+++ Input data +++

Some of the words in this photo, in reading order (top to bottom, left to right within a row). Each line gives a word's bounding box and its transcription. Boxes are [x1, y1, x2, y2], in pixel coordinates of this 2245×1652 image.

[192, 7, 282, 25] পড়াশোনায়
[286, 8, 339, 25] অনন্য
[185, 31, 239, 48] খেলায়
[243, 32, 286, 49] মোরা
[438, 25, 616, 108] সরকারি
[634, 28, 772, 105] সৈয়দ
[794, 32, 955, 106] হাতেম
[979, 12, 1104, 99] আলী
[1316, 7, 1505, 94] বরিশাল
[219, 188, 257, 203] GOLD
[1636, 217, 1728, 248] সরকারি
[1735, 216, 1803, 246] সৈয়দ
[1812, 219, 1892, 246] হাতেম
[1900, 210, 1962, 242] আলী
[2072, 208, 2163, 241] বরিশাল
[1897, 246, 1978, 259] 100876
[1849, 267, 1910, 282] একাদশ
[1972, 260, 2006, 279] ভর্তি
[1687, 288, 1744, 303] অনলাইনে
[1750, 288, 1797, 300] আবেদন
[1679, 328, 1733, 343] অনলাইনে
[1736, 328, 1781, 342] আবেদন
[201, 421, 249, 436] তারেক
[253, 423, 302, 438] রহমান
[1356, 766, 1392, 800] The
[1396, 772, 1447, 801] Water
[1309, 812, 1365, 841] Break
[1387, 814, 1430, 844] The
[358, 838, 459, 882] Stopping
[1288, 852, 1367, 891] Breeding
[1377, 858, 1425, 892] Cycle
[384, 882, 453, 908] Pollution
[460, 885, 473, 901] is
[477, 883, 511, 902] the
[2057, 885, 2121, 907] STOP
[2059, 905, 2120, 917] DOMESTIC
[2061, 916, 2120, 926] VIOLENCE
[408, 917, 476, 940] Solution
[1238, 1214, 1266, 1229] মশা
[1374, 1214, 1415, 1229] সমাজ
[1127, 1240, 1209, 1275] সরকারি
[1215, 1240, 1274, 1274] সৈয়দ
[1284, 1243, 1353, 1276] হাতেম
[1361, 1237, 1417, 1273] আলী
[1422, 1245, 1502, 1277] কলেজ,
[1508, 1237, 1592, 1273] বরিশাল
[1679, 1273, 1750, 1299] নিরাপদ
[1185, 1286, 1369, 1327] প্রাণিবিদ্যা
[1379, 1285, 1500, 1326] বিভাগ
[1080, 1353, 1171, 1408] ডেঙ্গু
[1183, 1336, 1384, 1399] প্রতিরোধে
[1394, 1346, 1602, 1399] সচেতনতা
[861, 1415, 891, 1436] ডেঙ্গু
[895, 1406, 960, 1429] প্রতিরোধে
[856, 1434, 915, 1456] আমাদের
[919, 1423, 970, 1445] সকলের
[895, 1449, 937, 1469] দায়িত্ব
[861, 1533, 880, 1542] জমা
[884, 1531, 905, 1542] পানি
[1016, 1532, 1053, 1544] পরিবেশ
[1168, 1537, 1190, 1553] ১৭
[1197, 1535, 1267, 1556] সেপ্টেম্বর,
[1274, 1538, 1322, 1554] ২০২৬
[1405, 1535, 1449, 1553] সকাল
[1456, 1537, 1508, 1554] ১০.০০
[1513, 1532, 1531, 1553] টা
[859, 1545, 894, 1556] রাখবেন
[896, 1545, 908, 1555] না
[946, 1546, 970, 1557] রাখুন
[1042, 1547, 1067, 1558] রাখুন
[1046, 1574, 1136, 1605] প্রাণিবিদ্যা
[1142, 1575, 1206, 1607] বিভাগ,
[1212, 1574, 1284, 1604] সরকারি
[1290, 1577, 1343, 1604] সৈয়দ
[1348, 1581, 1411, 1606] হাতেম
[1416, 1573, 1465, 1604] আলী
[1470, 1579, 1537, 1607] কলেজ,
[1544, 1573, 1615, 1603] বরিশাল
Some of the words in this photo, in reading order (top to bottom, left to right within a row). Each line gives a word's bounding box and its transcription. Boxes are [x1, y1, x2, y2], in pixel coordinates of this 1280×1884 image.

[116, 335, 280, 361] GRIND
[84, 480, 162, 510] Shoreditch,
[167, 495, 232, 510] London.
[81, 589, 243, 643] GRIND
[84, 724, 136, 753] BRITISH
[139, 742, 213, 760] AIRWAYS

+++

### Work order
Give back the complete data, each line unchanged.

### Result for this exercise
Some of the words in this photo, in reading order (top to bottom, left to right within a row). Each line gives a word's bounding box and its transcription. Boxes are [x1, y1, x2, y2], in pixel coordinates of this 2245×1652 image.

[192, 7, 282, 25] পড়াশোনায়
[286, 8, 339, 25] অনন্য
[185, 31, 239, 48] খেলায়
[243, 32, 286, 49] মোরা
[438, 25, 616, 108] সরকারি
[634, 28, 772, 105] সৈয়দ
[794, 32, 955, 106] হাতেম
[979, 12, 1104, 99] আলী
[1316, 7, 1505, 94] বরিশাল
[219, 188, 257, 203] GOLD
[1636, 217, 1728, 248] সরকারি
[1735, 216, 1803, 246] সৈয়দ
[1812, 219, 1892, 246] হাতেম
[1900, 210, 1962, 242] আলী
[2072, 208, 2163, 241] বরিশাল
[1897, 246, 1978, 259] 100876
[1849, 267, 1910, 282] একাদশ
[1972, 260, 2006, 279] ভর্তি
[1687, 288, 1744, 303] অনলাইনে
[1750, 288, 1797, 300] আবেদন
[1679, 328, 1733, 343] অনলাইনে
[1736, 328, 1781, 342] আবেদন
[201, 421, 249, 436] তারেক
[253, 423, 302, 438] রহমান
[1356, 766, 1392, 800] The
[1396, 772, 1447, 801] Water
[1309, 812, 1365, 841] Break
[1387, 814, 1430, 844] The
[358, 838, 459, 882] Stopping
[1288, 852, 1367, 891] Breeding
[1377, 858, 1425, 892] Cycle
[384, 882, 453, 908] Pollution
[460, 885, 473, 901] is
[477, 883, 511, 902] the
[2057, 885, 2121, 907] STOP
[2059, 905, 2120, 917] DOMESTIC
[2061, 916, 2120, 926] VIOLENCE
[408, 917, 476, 940] Solution
[1238, 1214, 1266, 1229] মশা
[1374, 1214, 1415, 1229] সমাজ
[1127, 1240, 1209, 1275] সরকারি
[1215, 1240, 1274, 1274] সৈয়দ
[1284, 1243, 1353, 1276] হাতেম
[1361, 1237, 1417, 1273] আলী
[1422, 1245, 1502, 1277] কলেজ,
[1508, 1237, 1592, 1273] বরিশাল
[1679, 1273, 1750, 1299] নিরাপদ
[1185, 1286, 1369, 1327] প্রাণিবিদ্যা
[1379, 1285, 1500, 1326] বিভাগ
[1080, 1353, 1171, 1408] ডেঙ্গু
[1183, 1336, 1384, 1399] প্রতিরোধে
[1394, 1346, 1602, 1399] সচেতনতা
[861, 1415, 891, 1436] ডেঙ্গু
[895, 1406, 960, 1429] প্রতিরোধে
[856, 1434, 915, 1456] আমাদের
[919, 1423, 970, 1445] সকলের
[895, 1449, 937, 1469] দায়িত্ব
[861, 1533, 880, 1542] জমা
[884, 1531, 905, 1542] পানি
[1016, 1532, 1053, 1544] পরিবেশ
[1168, 1537, 1190, 1553] ১৭
[1197, 1535, 1267, 1556] সেপ্টেম্বর,
[1274, 1538, 1322, 1554] ২০২৬
[1405, 1535, 1449, 1553] সকাল
[1456, 1537, 1508, 1554] ১০.০০
[1513, 1532, 1531, 1553] টা
[859, 1545, 894, 1556] রাখবেন
[896, 1545, 908, 1555] না
[946, 1546, 970, 1557] রাখুন
[1042, 1547, 1067, 1558] রাখুন
[1046, 1574, 1136, 1605] প্রাণিবিদ্যা
[1142, 1575, 1206, 1607] বিভাগ,
[1212, 1574, 1284, 1604] সরকারি
[1290, 1577, 1343, 1604] সৈয়দ
[1348, 1581, 1411, 1606] হাতেম
[1416, 1573, 1465, 1604] আলী
[1470, 1579, 1537, 1607] কলেজ,
[1544, 1573, 1615, 1603] বরিশাল
Some of the words in this photo, in reading order (top to bottom, left to right within a row). Each line gives a word's bounding box and its transcription. Boxes are [x1, y1, x2, y2], in pixel coordinates of this 1280×1884 image.

[116, 335, 280, 361] GRIND
[84, 480, 162, 510] Shoreditch,
[167, 495, 232, 510] London.
[81, 589, 243, 643] GRIND
[84, 724, 136, 753] BRITISH
[139, 742, 213, 760] AIRWAYS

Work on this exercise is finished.